PROBLEM ->
Return the records word for word. Pictures do not belong in the copy.

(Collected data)
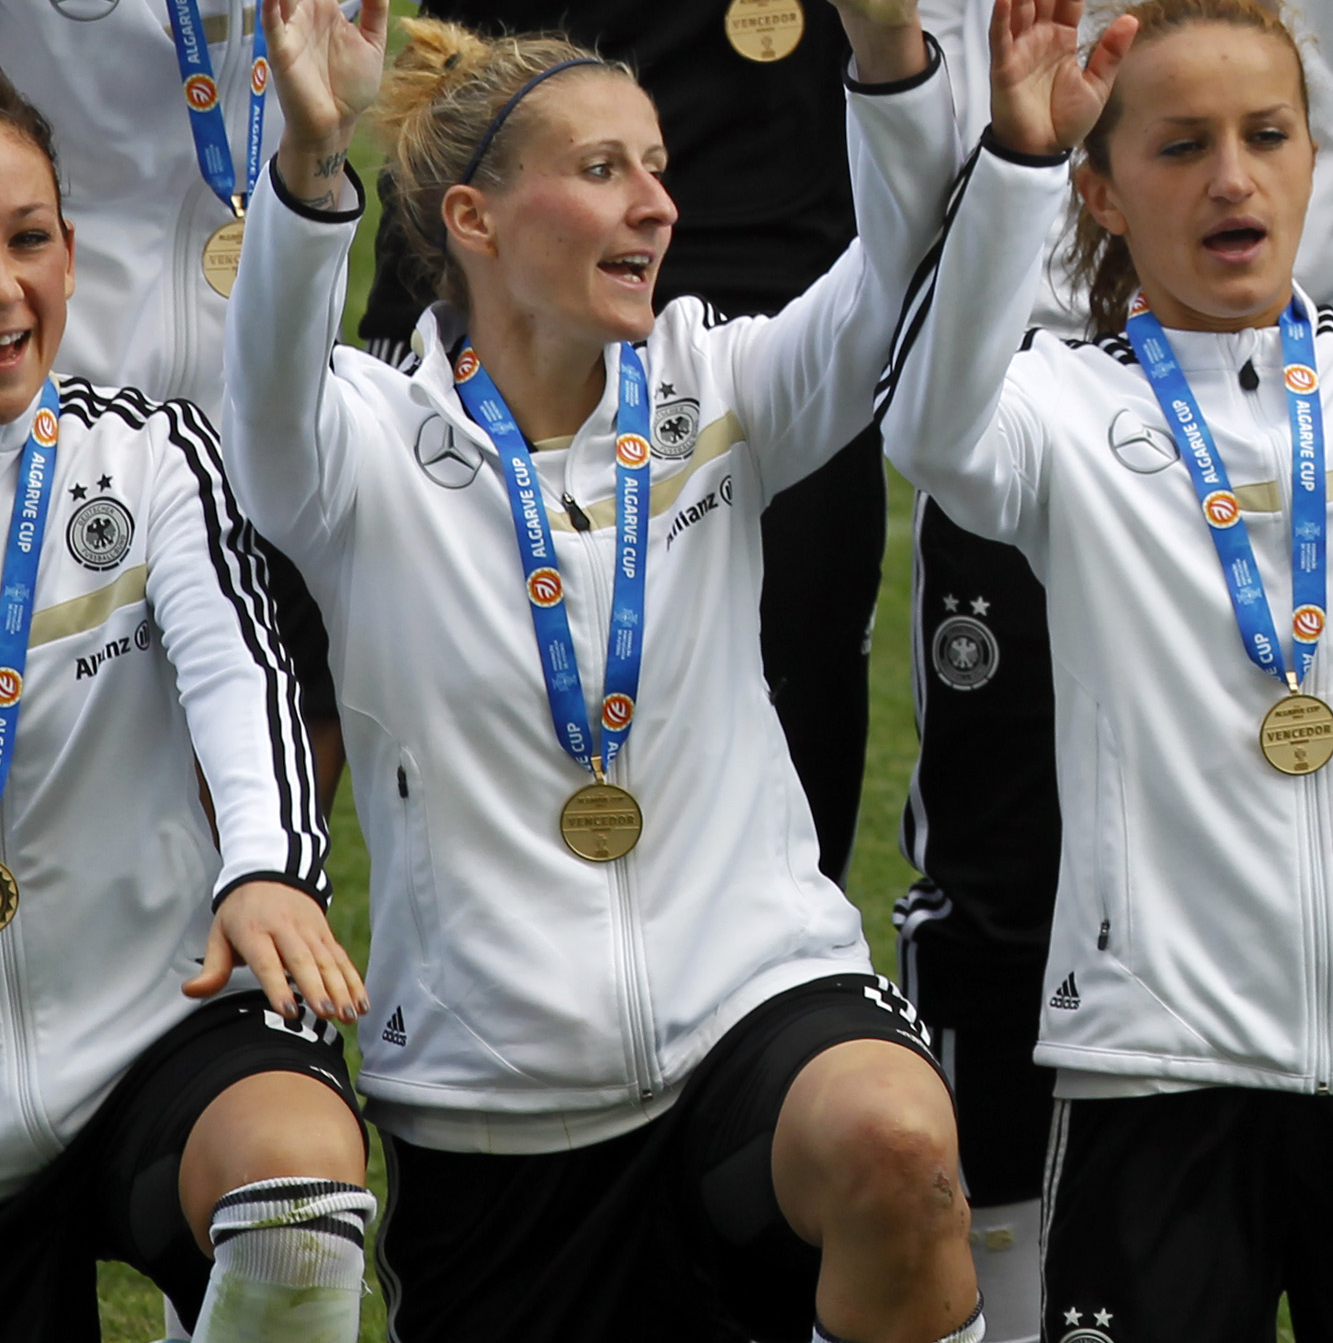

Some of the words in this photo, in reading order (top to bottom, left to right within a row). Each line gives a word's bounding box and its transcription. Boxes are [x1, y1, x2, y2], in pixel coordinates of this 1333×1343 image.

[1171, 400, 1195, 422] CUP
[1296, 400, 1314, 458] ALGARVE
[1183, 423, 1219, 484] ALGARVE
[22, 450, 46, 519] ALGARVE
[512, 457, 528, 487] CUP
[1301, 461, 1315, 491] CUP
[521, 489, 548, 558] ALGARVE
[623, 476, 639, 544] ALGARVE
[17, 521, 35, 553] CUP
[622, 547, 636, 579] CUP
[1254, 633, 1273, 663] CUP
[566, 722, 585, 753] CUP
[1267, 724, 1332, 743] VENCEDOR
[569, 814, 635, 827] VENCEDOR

EXERCISE RESULT ->
Some of the words in this photo, in reading order (top to bottom, left to right within a row). Each line gives a word's bounding box and its transcription. Boxes are [x1, y1, x2, y2], in pixel coordinates of this 1333×1343 image.

[1171, 400, 1195, 422] CUP
[1296, 400, 1314, 458] ALGARVE
[1183, 423, 1219, 484] ALGARVE
[22, 450, 46, 519] ALGARVE
[512, 457, 528, 487] CUP
[1301, 461, 1315, 491] CUP
[521, 489, 548, 558] ALGARVE
[623, 476, 639, 544] ALGARVE
[17, 521, 35, 553] CUP
[622, 547, 636, 579] CUP
[1254, 633, 1273, 663] CUP
[566, 722, 585, 753] CUP
[1267, 724, 1332, 743] VENCEDOR
[569, 814, 635, 827] VENCEDOR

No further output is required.